Hink, for just a moment, wrapped his arm around her waist. For just a moment, she was held against him, protected in the strength of his arms, his body.

“It’s the Strange,” he said very quietly. “Can you see them?”

Rose nodded.

“So can I, though I don’t usually. Do not touch them,” he said.

Then he gently let go of her and walked across that room toward them like he was approaching a wall full of rattlesnakes.

It took all the will Rose had in her not to turn and run from this
place. The Strange were evil, mindless, brutal creatures that enjoyed nothing more than torturing people. She’d seen what they could do. She’d seen them make the dead walk. She’d seen them do worse.

Suddenly, she was too hot and too cold at the same time. She wanted to be anywhere else but here, yet she could not make her feet lift to run.

Hink was almost at the globes. He was going to touch them. He was going to reach out and then there would be nothing but a thin curve of glass between him and the creatures that were destroying the world.

They’d kill him. Draw him in. Devour him.

“Lee.” She said the word all in an exhale. “Please, Lee. Don’t touch them. Don’t leave me.”

Hink didn’t stop. Didn’t pause. He stepped up to the towering stack of caged Strange and stared at them, making a decision. Then he reached out and pressed his palm against the glass.

C
edar landed hard on his shoulder and hip.
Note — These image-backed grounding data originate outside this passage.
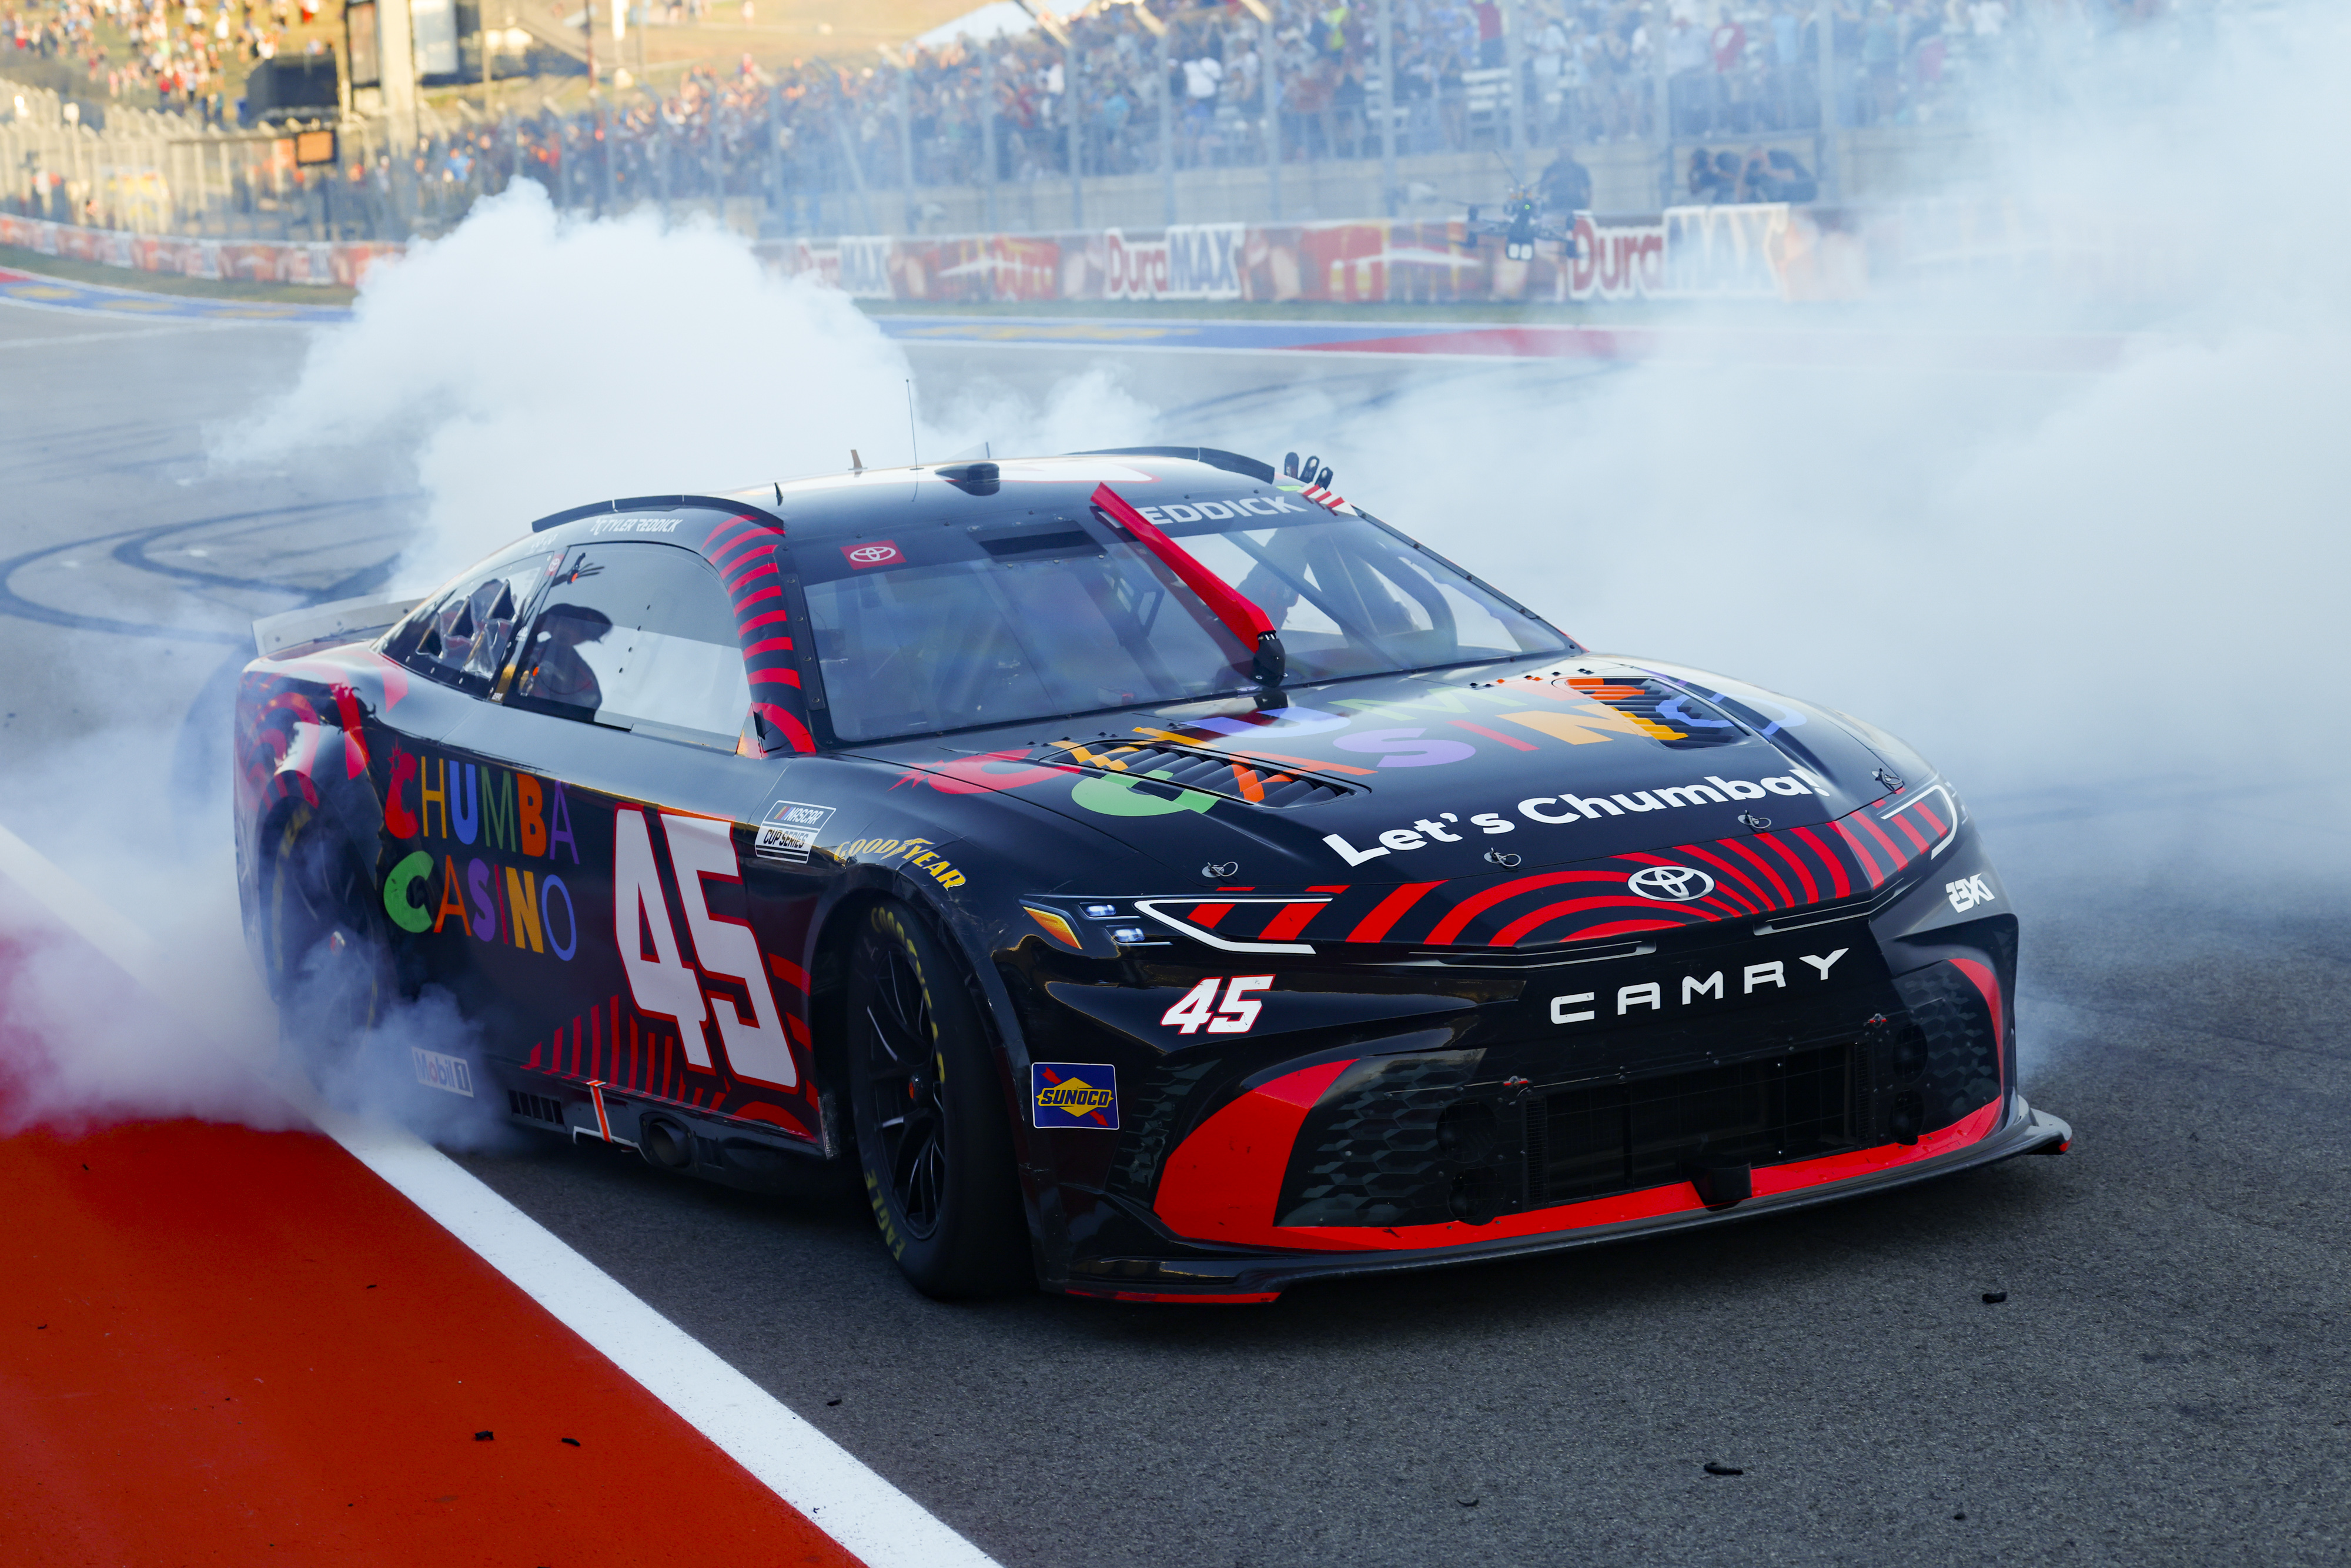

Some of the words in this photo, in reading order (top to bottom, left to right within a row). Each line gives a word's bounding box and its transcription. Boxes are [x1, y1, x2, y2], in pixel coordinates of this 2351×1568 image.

[602, 519, 638, 532] TYLER
[385, 738, 580, 865] CHUMBA
[784, 807, 824, 825] NASCAR
[1322, 812, 1515, 867] Let's
[1517, 769, 1830, 824] Chumba!
[763, 829, 784, 845] CUP
[780, 830, 810, 849] SERIES
[383, 850, 577, 961] CASINO
[614, 803, 799, 1092] 45
[1161, 975, 1275, 1034] 45
[1550, 948, 1849, 1025] CAMRY
[413, 1051, 456, 1089] Mobil
[1041, 1089, 1110, 1106] SUNOCO
He gritted his teeth against the pain spearing through his side and leg. He’d broken a rib for sure, maybe done worse to his leg. He pushed up and out from under his brother, his head pounding. Even though it was cold enough to see his breath coming out in steamy gasps, his skin was on fire.
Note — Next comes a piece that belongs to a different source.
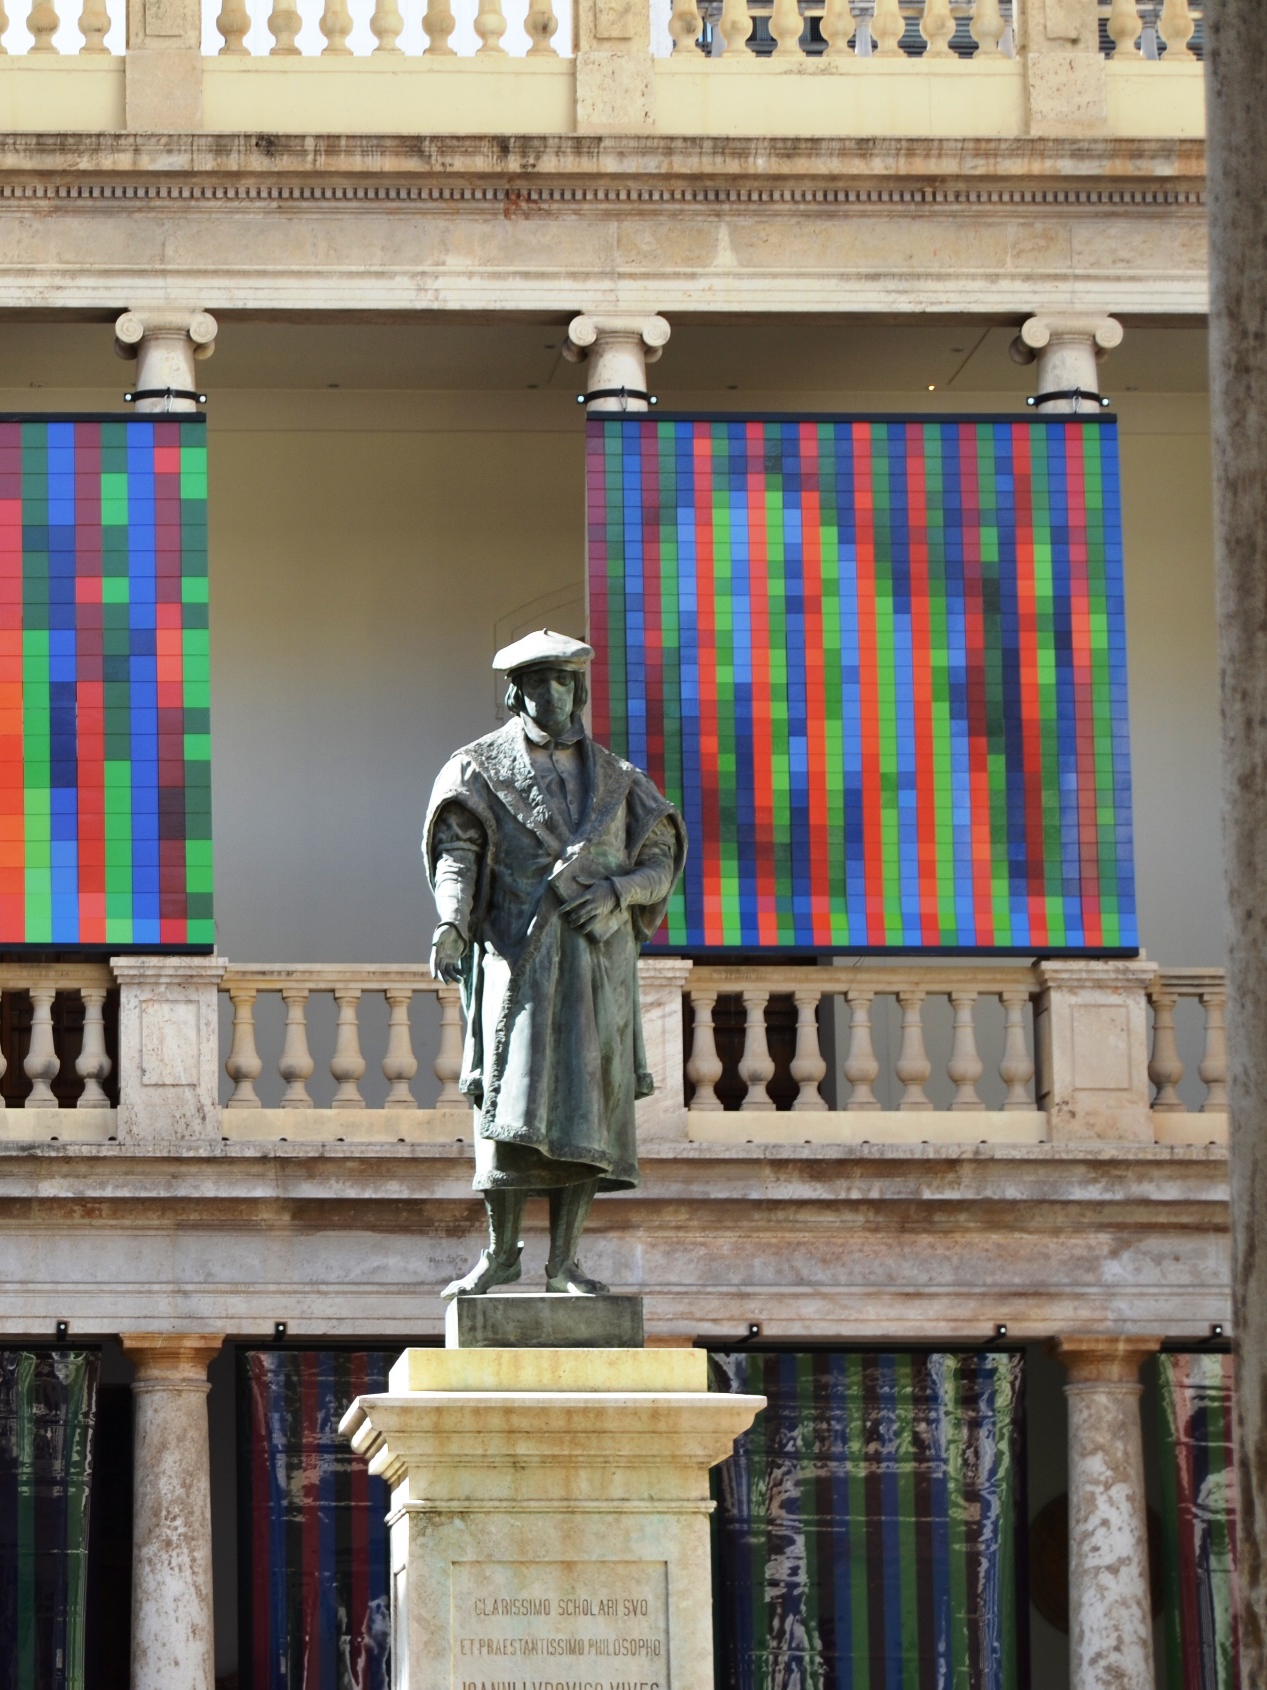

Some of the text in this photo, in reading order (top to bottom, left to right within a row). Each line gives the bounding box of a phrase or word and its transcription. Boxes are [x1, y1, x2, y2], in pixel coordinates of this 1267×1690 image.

[474, 1598, 648, 1617] CLARISSIMO SCHOLARI SVO
[460, 1638, 661, 1657] ET PRAESTANTISSIMO PHILOSOPHO
He struggled to get on his feet, but couldn’t do any more than rise up upon his knees. Every inch of his body hurt more, much more, than it should. His mind slipped between conscious thought and raw hunger to kill.

The curse wrapped around him, broken free from Father Kyne’s hold, stretching his body, twisting him into the shape of the beast. Changing from the body of a man to that of the wolf had never been a painful experience.

Until now.

Cedar yelled as the curse broke the spell and claimed him again, turning him into a creature that hungered for the blood of the Strange.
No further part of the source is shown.